Hab gestern 'ne kleine Freitagsnachmittagsrunde auf besagtem Fischerpfad ausklingen lassen und mit Entsetzen totales Chaos im unteren Teil vorgefunden...wenn ich nicht wüsste, dass es unmöglich ist würde ich sagen, da ist jemand mit 'nem Trecker durchgejagt...


----------



## sulibats (8. September 2007)

Wann bist du denn das letzte mal dort gefahren? Vor einiger Zeit wurde ja "bewußt" was am Fischerpfad gemacht: alte Kehren wieder hergerichtet und das "abkürzen" durch Baumstämme und Äste unterbunden.

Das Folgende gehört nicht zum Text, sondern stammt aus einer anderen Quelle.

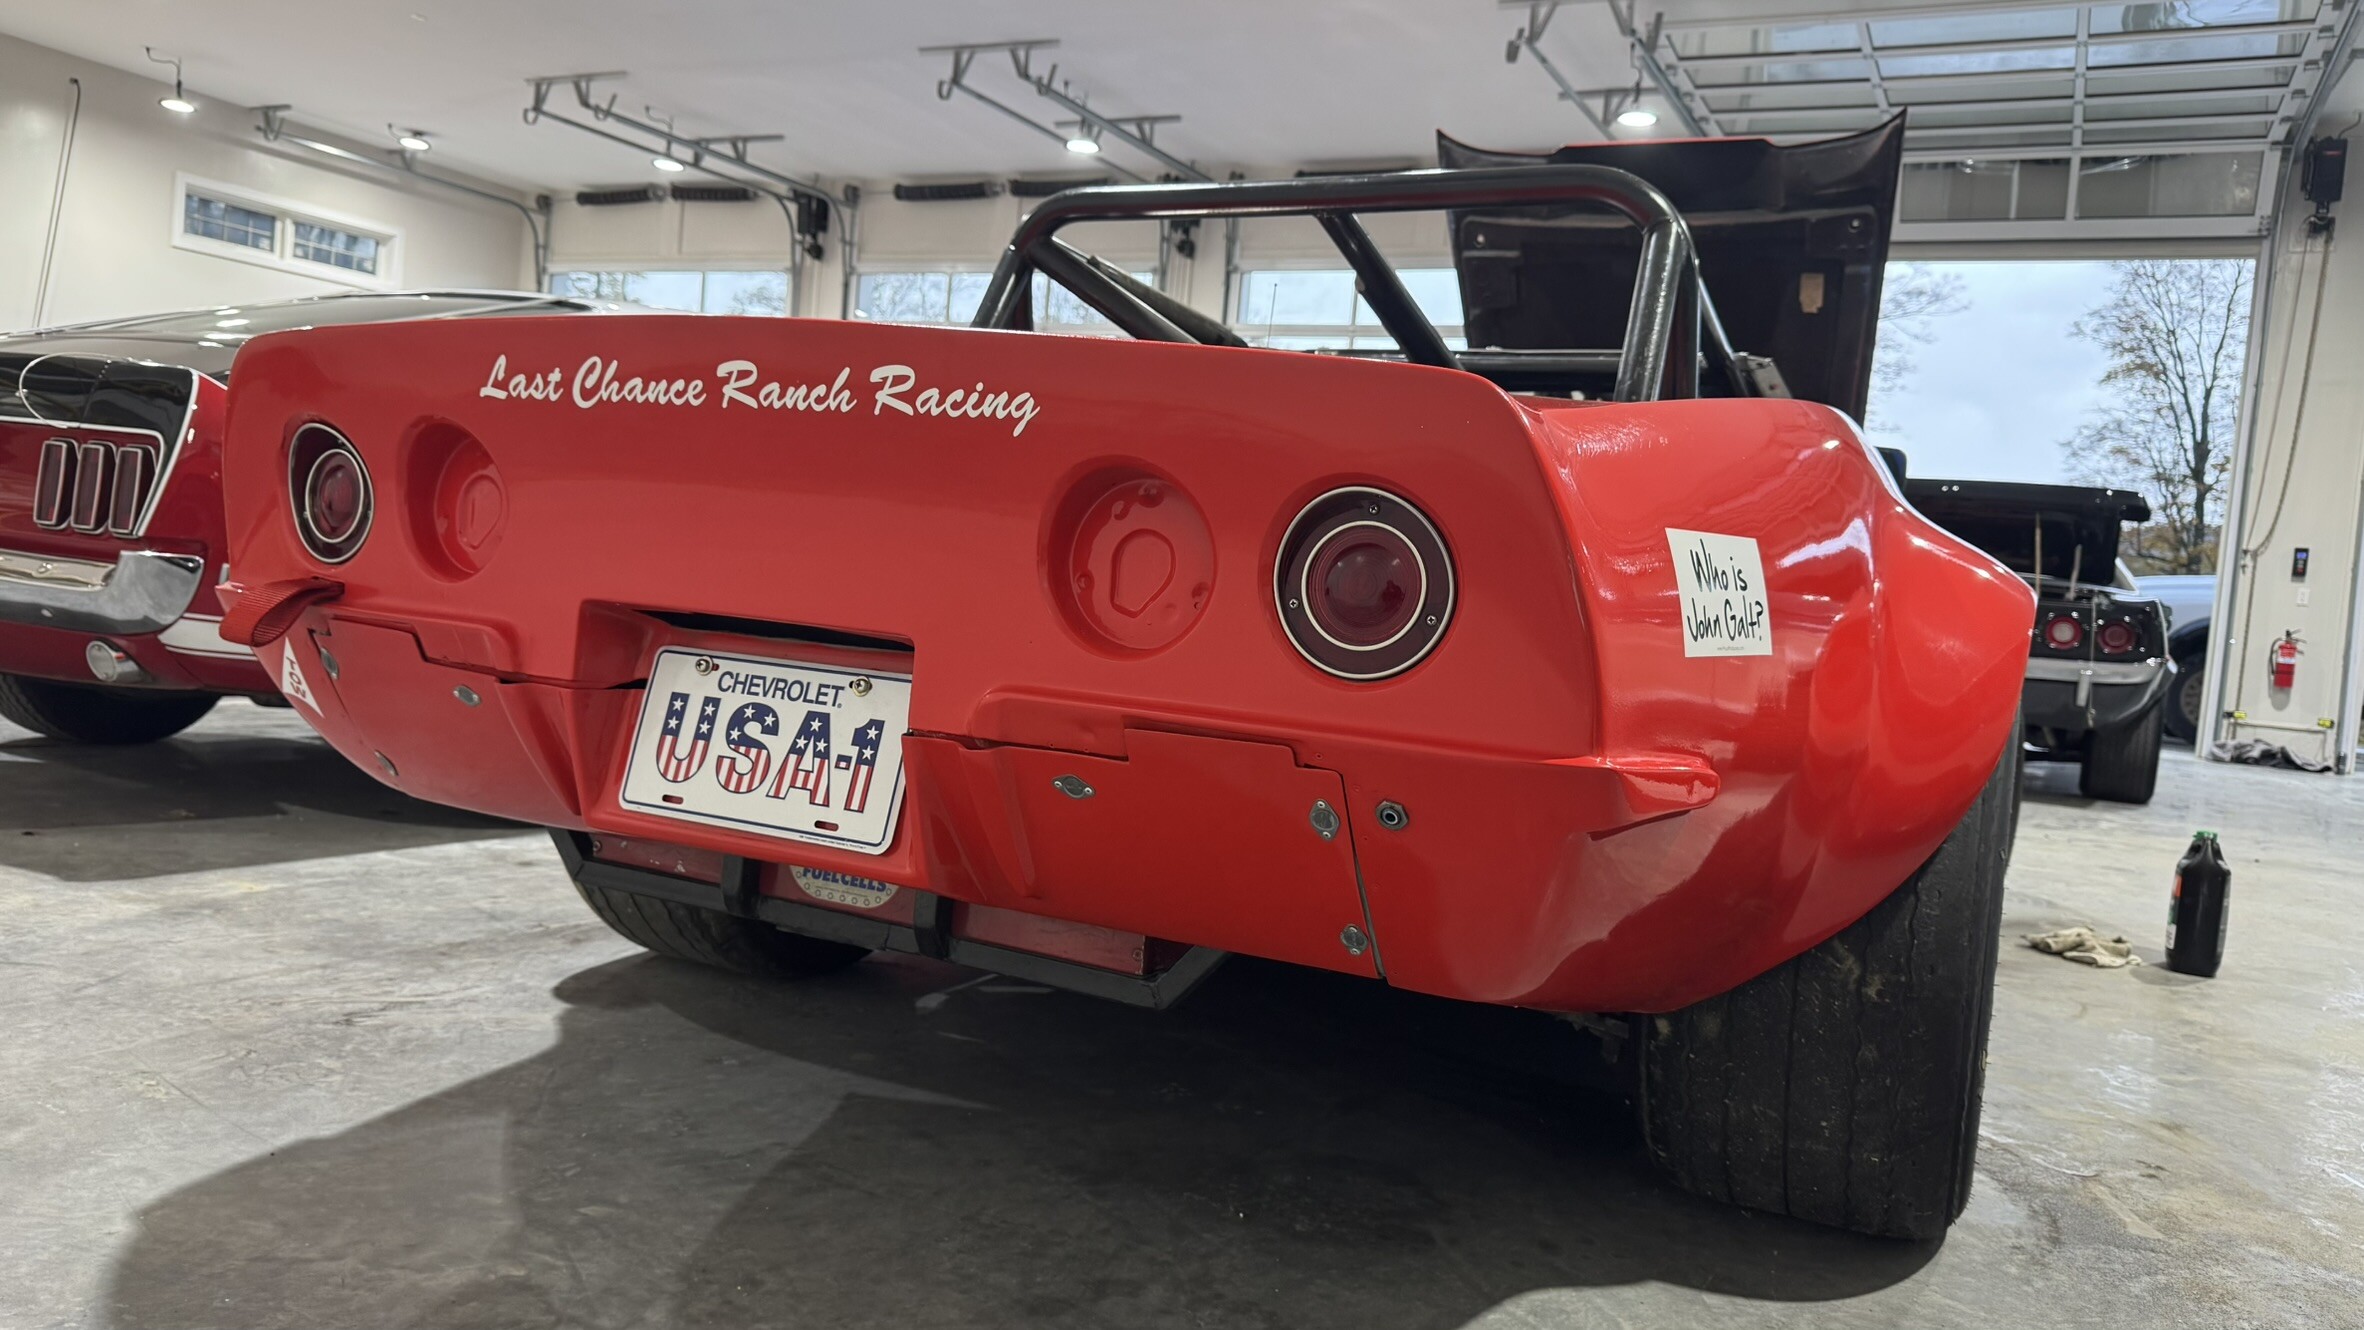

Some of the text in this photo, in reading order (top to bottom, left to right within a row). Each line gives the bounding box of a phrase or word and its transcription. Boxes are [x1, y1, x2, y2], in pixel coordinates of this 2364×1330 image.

[479, 354, 1041, 437] Last Chance Ranch Racing
[1689, 538, 1748, 593] Who is
[1687, 595, 1764, 643] John Galt?
[717, 670, 845, 708] CHEVROLET
[656, 691, 885, 814] USA-1
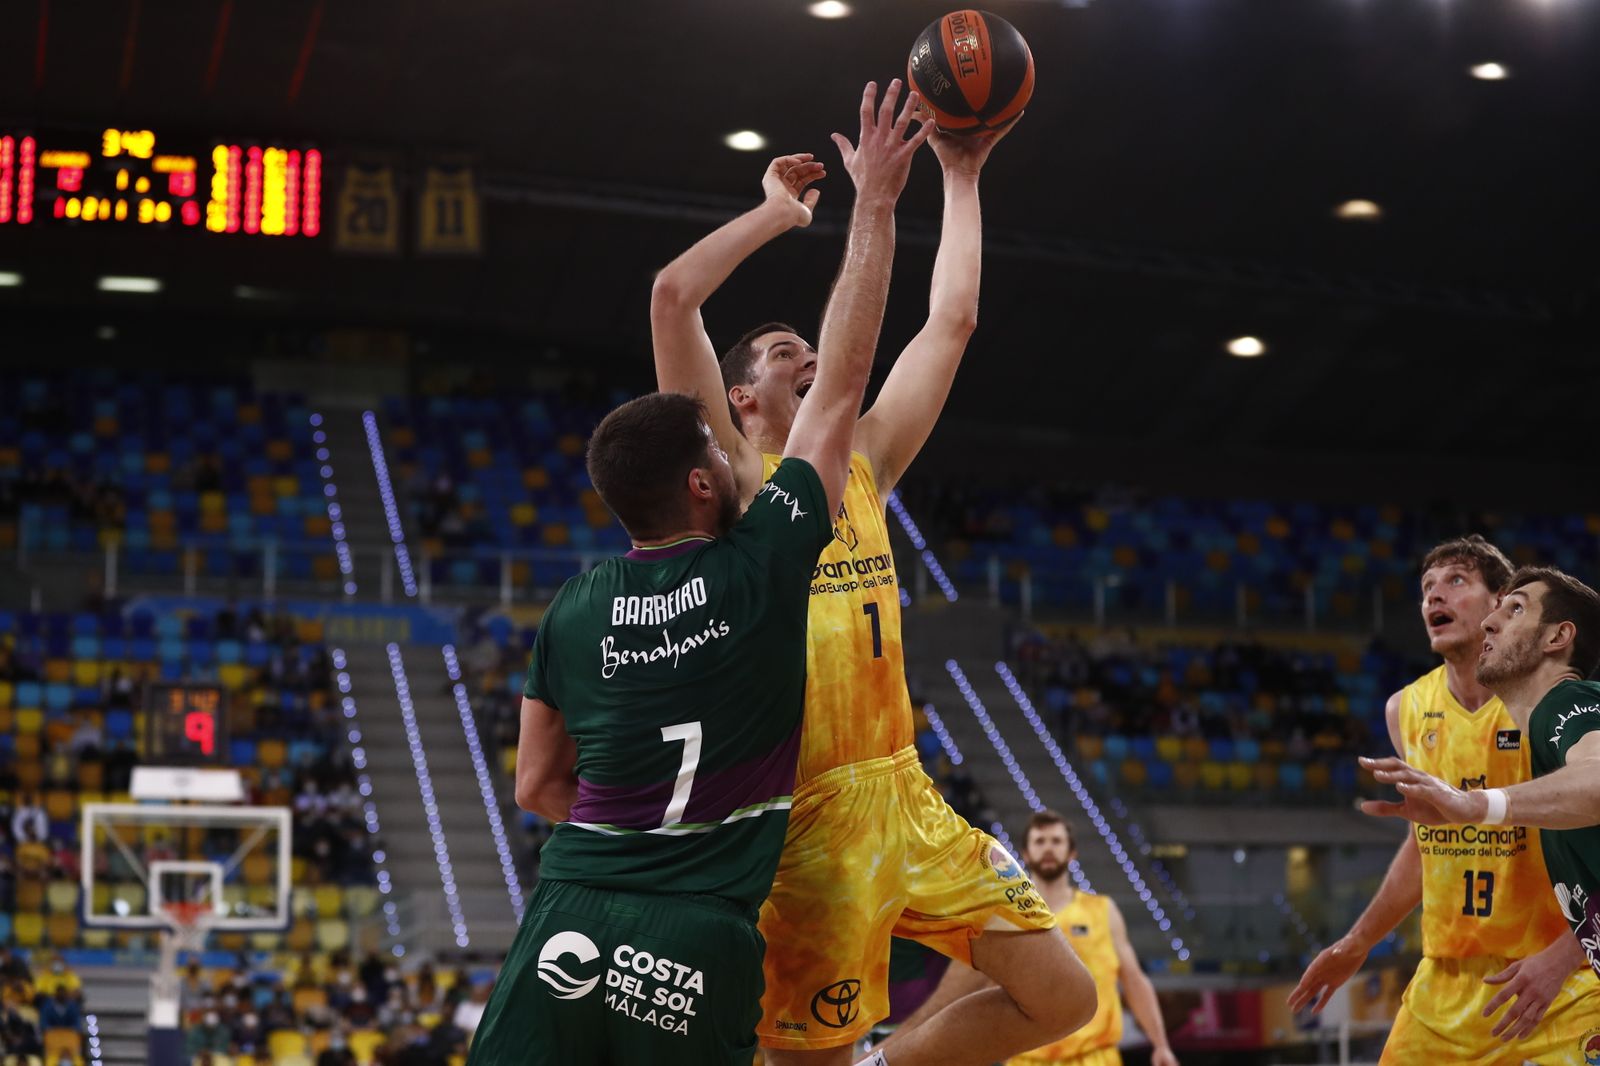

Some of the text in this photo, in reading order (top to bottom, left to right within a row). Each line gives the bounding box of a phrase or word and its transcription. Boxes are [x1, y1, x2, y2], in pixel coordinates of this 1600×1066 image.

[612, 577, 707, 626] BARREIRO
[810, 584, 826, 595] sla
[863, 576, 878, 588] del
[863, 601, 882, 658] 1
[184, 711, 214, 757] 9
[660, 721, 703, 827] 7
[1433, 845, 1475, 857] Europea
[1478, 847, 1492, 857] del
[1462, 870, 1494, 917] 13
[605, 968, 697, 1017] DEL SOL
[613, 944, 703, 995] COSTA
[604, 989, 688, 1036] MÁLAGA

Vielleicht meinst du das?


----------



## MTB-News.de




----------



## superrocker73 (9. September 2007)

Bin gestern dort gewesen und habe im unteren Streckenabschnitt totales Chaos vorgefunden...die neu angelegten Kehren usw. meine ich nicht.


----------



## Single-Trail (12. September 2007)

Och nöö.... Werde das gleich mal unter die Lupe nehmen....Werde mich mal umsehen was das Ganze verursacht hat und hoffe das lässt sich halbwegs in ordnung bringen!?  Vll waren es auch einfach nur die Wildschweine==???


----------



## Single-Trail (12. September 2007)

hmm mir is nichts besonderes aufgefallen und das Geröll im unteren Teil ist schon länger da.

war aber alles fahrbar soweit...

Sagmal Superrocker warst du letzte Woche beim Dienstagstreff dabei??


----------



## superrocker73 (14. Februar 2009)

Ich weiss es nicht mehr, ist doch schon so lange her...


----------